Cuthbert also believes that non-departmental public bodies (NDPBs), which have recently arisen in Scotland, should be subject to more rigorous parliamentary scrutiny, particularly in view of the increasingly large budgets they manage.

She cites Scottish Futures Trust (SFT), as a major example, which is registered as a private company and which she believes could be vulnerable to a “sell-off”.

Cuthbert says: “As SFT is a private company can its shareholders, who are currently the government, sell their shares to bodies outside Scotland? If so, is this in the interest of the Scottish public given that the SFT has become a major force in health, education, prisons, etcetera, and given that it is building up a large asset portfolio?”

Cuthbert also questions the lack of scrutiny over local businesses who win “very few public procurement contracts”, which means profits almost always leave Scotland. Her report makes a series of recommendations for reform to ensure scrutiny, accountability and transparency.

These include more highly qualified public sector staff with grounding in economics, statistics, and finance in the public sector at senior positions; an end to project bundling into very large programmes whose financing is difficult to follow; more openness in FoI to allow greater scrutiny and changes to be made; giving parliamentary committees more power to hold government to account; and the publication of “whole of government accounts”, to “bring to light the level of debt, currently out of sight, that is being incurred”.

Common Weal director Robin McAlpine said: “The Scottish public has been told we have something close to the optimal system for funding and building public infrastructure in Scotland.

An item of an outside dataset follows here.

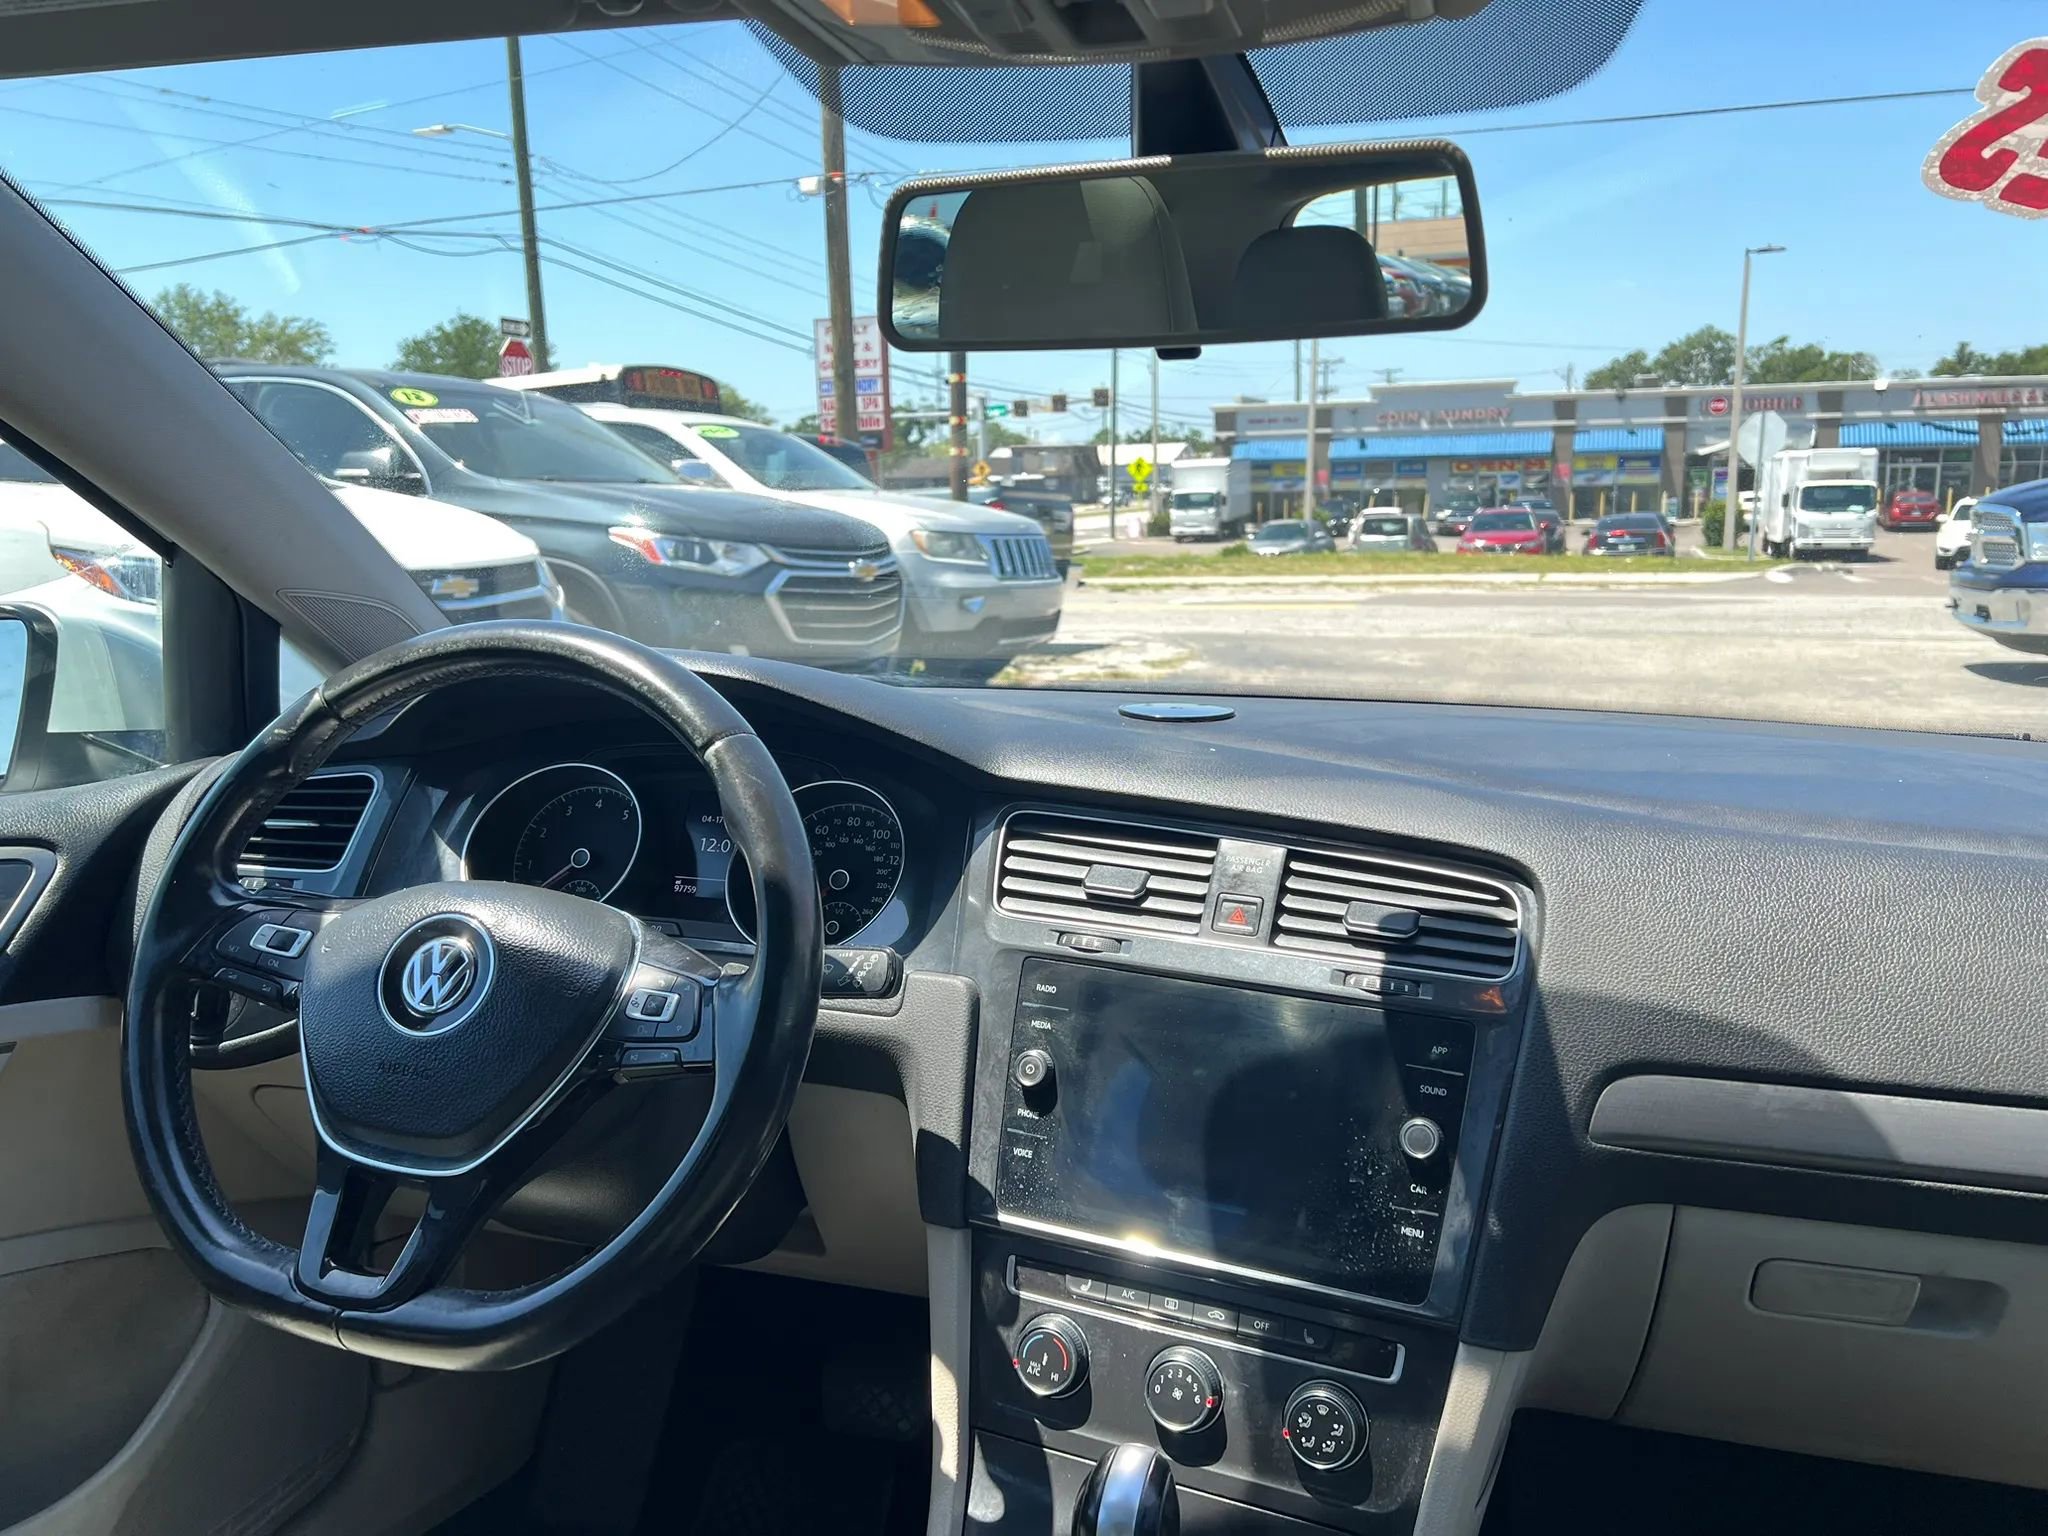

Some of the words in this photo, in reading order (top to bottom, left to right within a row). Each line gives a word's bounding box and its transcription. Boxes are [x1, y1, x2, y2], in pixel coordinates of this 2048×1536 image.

So it is surely a legitimate question to ask why so much effort is put in to hiding the information which would allow an independent assessment of whether this is true or not.

“Between willy-nilly use of commercial confidentiality clauses to hide the details of how public money is being spent, to the complex structures of private companies delivering a lot of the management of this work being exempt from Freedom of Information, the public will only learn the truth 15 years after the deals are done. If this is meant to generate public trust that public money is being used well and fairly, it’s a strange way to go about it.”

A Scottish Government spokesperson said: “We are committed to openness and transparency and comply with relevant legislation and regulations in all of our processes.

“The Scottish Government is also participating in the Open Government Partnership’s Pioneer Programme, with the aim of helping people living in Scotland to better understand how government works so that they can have real influence on the issues which affect them.”